In November 1944, Johns Hopkins surgeons performed the first landmark operation on an infant whose heart is unable to pump blood to the lungs to provide enough oxygen to the body. A surgical team led by Alfred Blalock, with his longtime technician Vivien Thomas guiding him, implanted a shunt to increase blood flow to the lungs. Pediatric cardiologist Helen Taussig worked with Blalock to develop the shunt. The procedure is credited with saving the lives of thousands of children and launching the field of modern cardiac surgery.

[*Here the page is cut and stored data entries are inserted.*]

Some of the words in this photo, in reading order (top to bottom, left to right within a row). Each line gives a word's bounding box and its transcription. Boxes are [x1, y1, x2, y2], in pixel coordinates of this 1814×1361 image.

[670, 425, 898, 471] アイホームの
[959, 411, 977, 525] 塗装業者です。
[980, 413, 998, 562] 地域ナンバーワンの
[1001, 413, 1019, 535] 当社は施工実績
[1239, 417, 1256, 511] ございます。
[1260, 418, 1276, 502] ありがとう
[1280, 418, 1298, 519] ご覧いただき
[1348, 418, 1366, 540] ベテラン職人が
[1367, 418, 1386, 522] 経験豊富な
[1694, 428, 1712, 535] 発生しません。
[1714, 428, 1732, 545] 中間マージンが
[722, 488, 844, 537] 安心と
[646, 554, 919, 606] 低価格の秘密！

In 2020, Johns Hopkins Medicine brought multiple specialists in pediatric and congenital heart disease (CHD) into the new Blalock-Taussig-Thomas Pediatric and Congenital Heart Center. A collaboration among the divisions of pediatric cardiology, pediatric cardiac surgery, and pediatric anesthesiology and critical care medicine, the center offers lifelong care for patients born with CHD.

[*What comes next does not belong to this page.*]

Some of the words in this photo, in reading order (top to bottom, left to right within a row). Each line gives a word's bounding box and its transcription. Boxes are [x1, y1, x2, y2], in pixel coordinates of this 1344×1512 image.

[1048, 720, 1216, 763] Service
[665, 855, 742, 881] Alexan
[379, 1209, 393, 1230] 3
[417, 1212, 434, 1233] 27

“Johns Hopkins was the birthplace for congenital heart disease interventions in surgery,” says Jamie McElrath Schwartz, co-director of the new center and division chief of pediatric critical care medicine. “We picked the name specifically to include these three pioneers, as we are building on that past and creating a new future.”

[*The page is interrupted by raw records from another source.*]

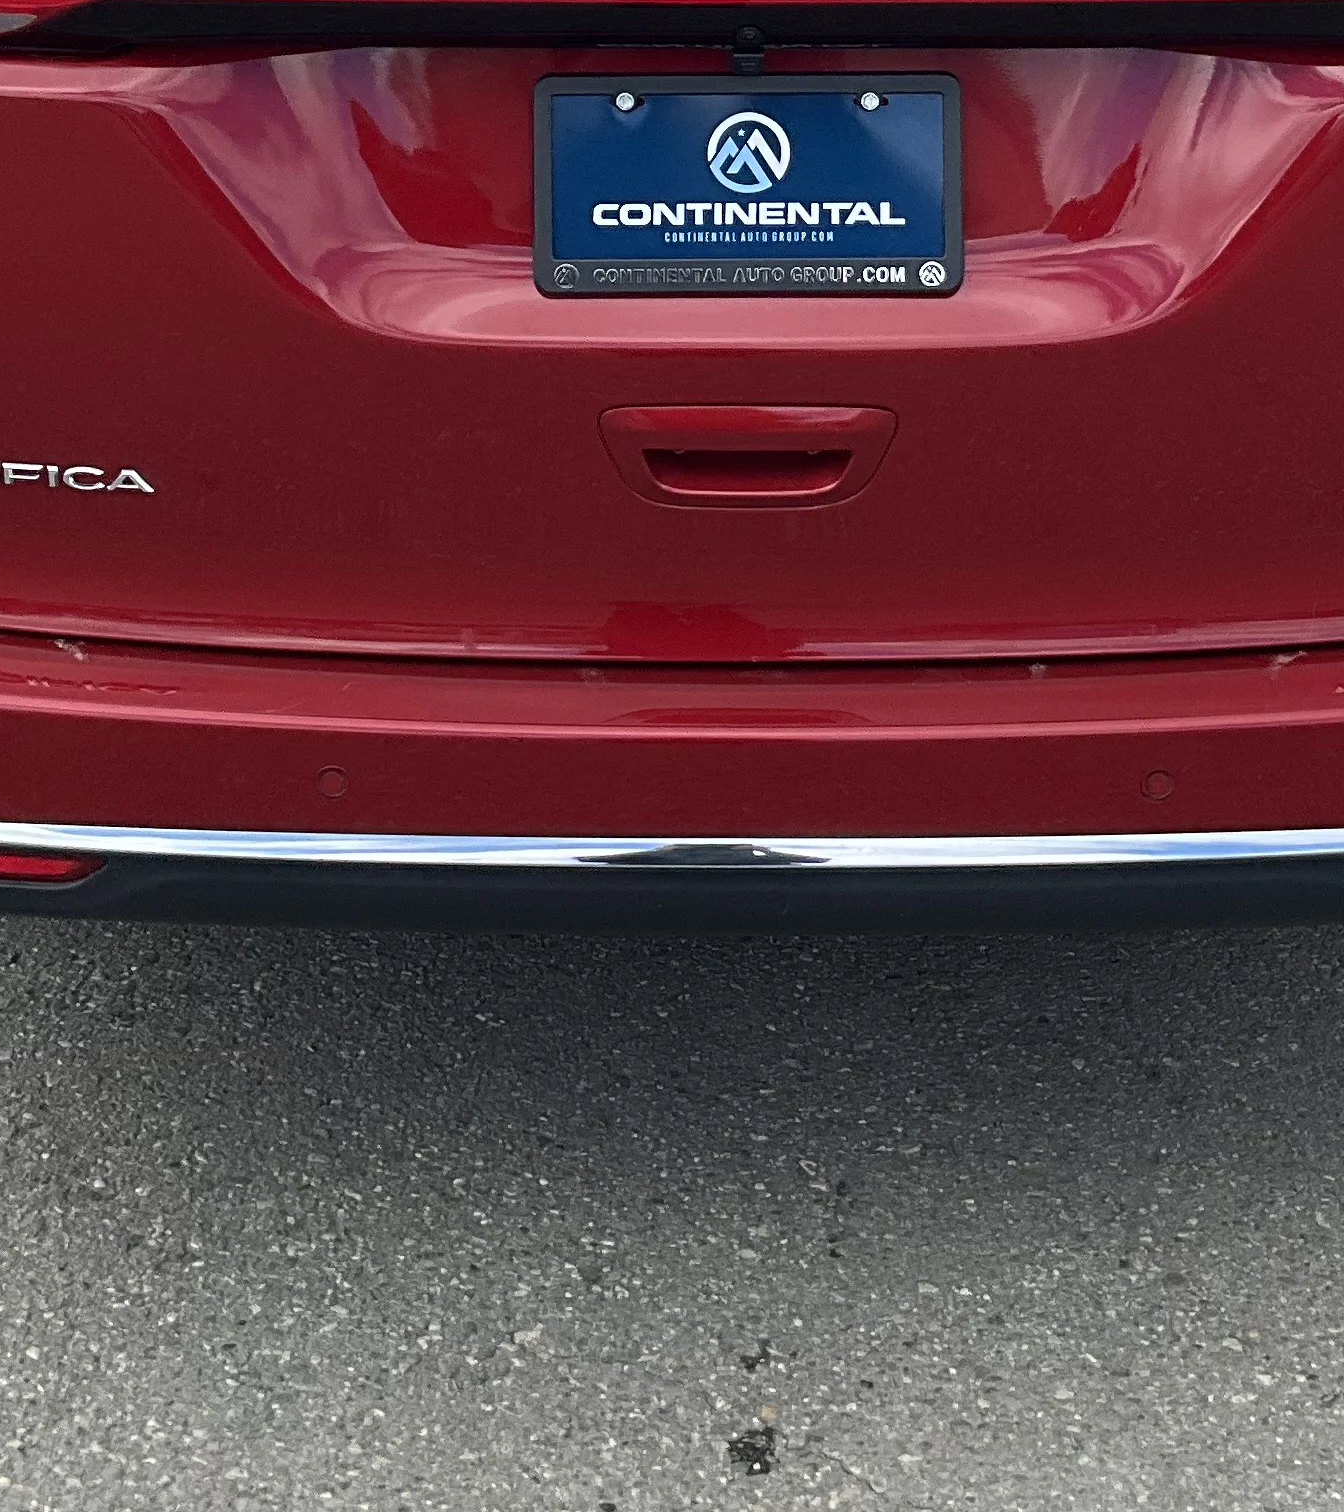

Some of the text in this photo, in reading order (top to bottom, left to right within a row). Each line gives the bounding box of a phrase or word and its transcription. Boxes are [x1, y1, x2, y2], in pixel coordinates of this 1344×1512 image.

[592, 201, 906, 226] CONTINENTAL
[593, 267, 727, 283] CONTINENTAL
[732, 267, 785, 283] AUTO
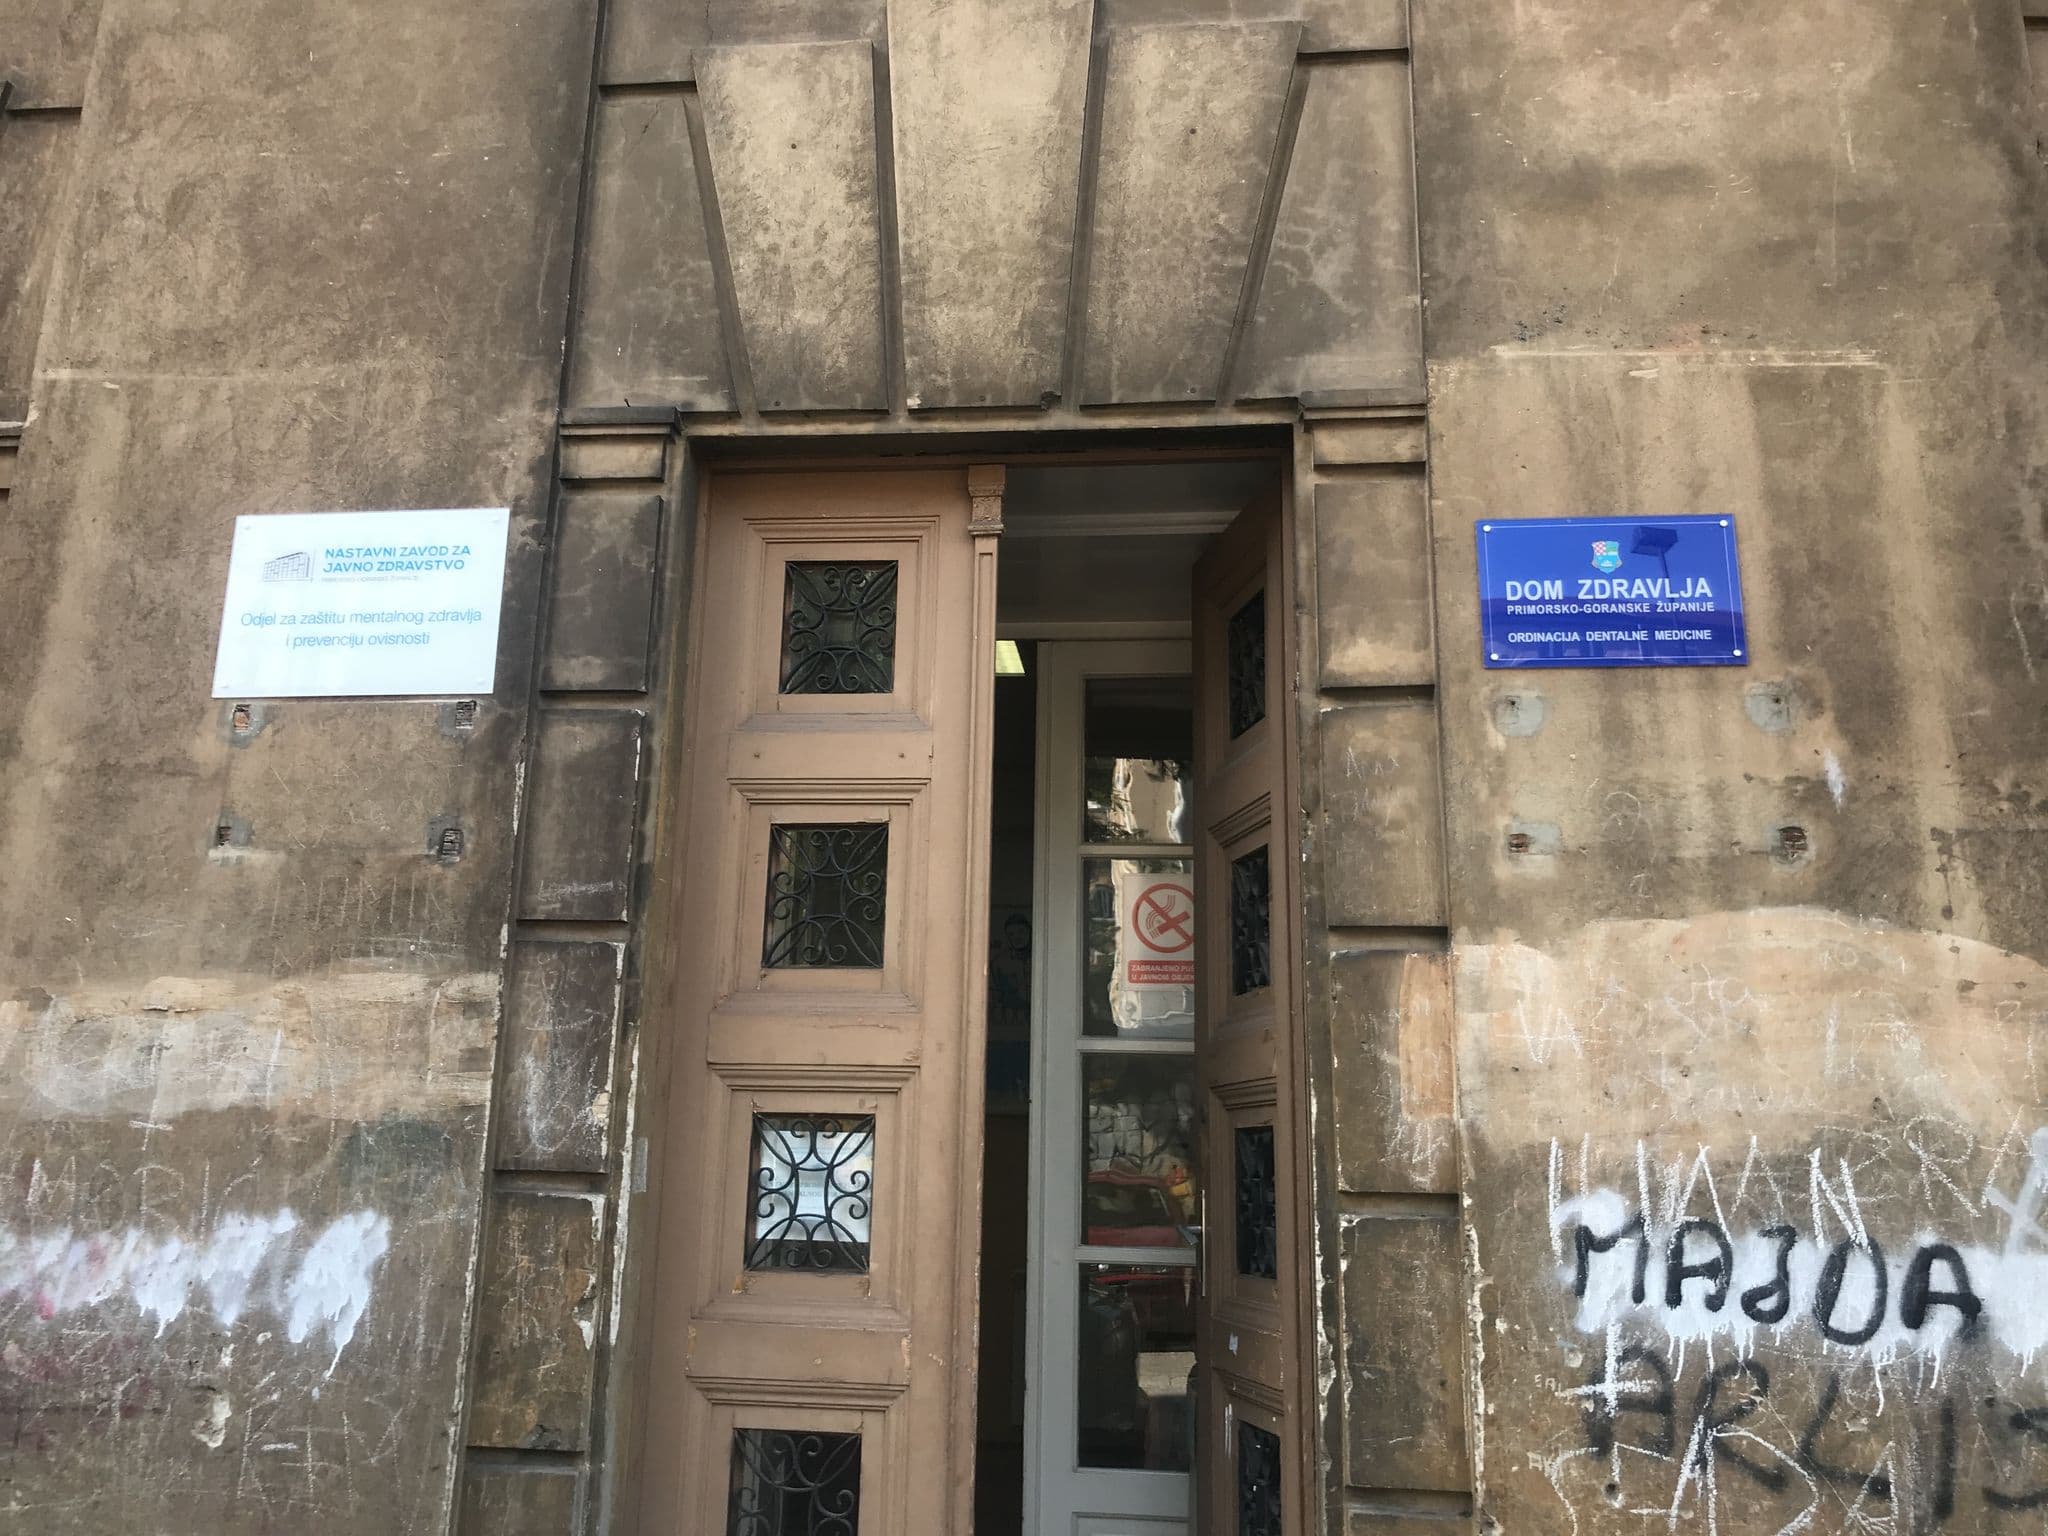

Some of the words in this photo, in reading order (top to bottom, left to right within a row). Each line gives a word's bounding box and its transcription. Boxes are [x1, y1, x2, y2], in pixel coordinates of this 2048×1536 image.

[324, 547, 396, 559] NASTAVNI
[399, 545, 449, 557] ZAVOD
[451, 545, 471, 556] ZA
[323, 561, 373, 573] JAVNO
[376, 559, 465, 572] ZDRAVSTVO
[1505, 580, 1563, 601] DOM
[1577, 577, 1713, 600] ZDRAVLJA
[1506, 602, 1651, 615] PRIMORSKO-GORANSKE
[1656, 600, 1715, 613] ŽUPANIJE
[240, 611, 276, 628] Odjel
[279, 616, 296, 625] za
[300, 610, 346, 626] zaštitu
[350, 609, 423, 625] mentalnog
[427, 607, 482, 625] zdravlja
[292, 632, 364, 649] prevenciju
[367, 631, 431, 646] ovisnosti
[1508, 631, 1581, 643] ORDINACIJA
[1586, 630, 1649, 642] DENTALNE
[1655, 629, 1713, 641] MEDICINE

Although experts from different disciplines who care for CHD patients collaborated in the past, Schwartz says this reorganization establishes a fully integrated, multidisciplinary approach at Johns Hopkins Medicine.
“We have the ability to create dedicated services like operative teams, pediatric perfusion teams, a cardiac intensive care unit and nursing,” she says. “That’s exciting, because these are people who want to narrow their practice to CHD, to work with these families long term and provide them excellent care.”
Center co-director Shelby Kutty, who also serves as director of pediatric and congenital cardiology, says the center’s structure maximizes the available expertise at Johns Hopkins Medicine, benefits patients’ families and gives the institution a competitive edge for recruiting top experts and garnering research dollars. CHD patients are very complex, he adds, often requiring a spectrum of services: “It’s a very outcomes-driven specialty, and the key to having good outcomes is a dedicated team and teamwork.”
Bret Mettler, director of pediatric cardiac surgery, is also a co-director of the center. He recently came to Johns Hopkins Medicine from Vanderbilt
University Medical Center, where he was director of pediatric cardiac transplantation and mechanical support. Pediatric and congenital cardiac surgeon Danielle Gottlieb-Sen, with expertise in the genetics and prenatal diagnosis of CHD, will have a clinical practice while directing pediatric cardiac research for the heart center.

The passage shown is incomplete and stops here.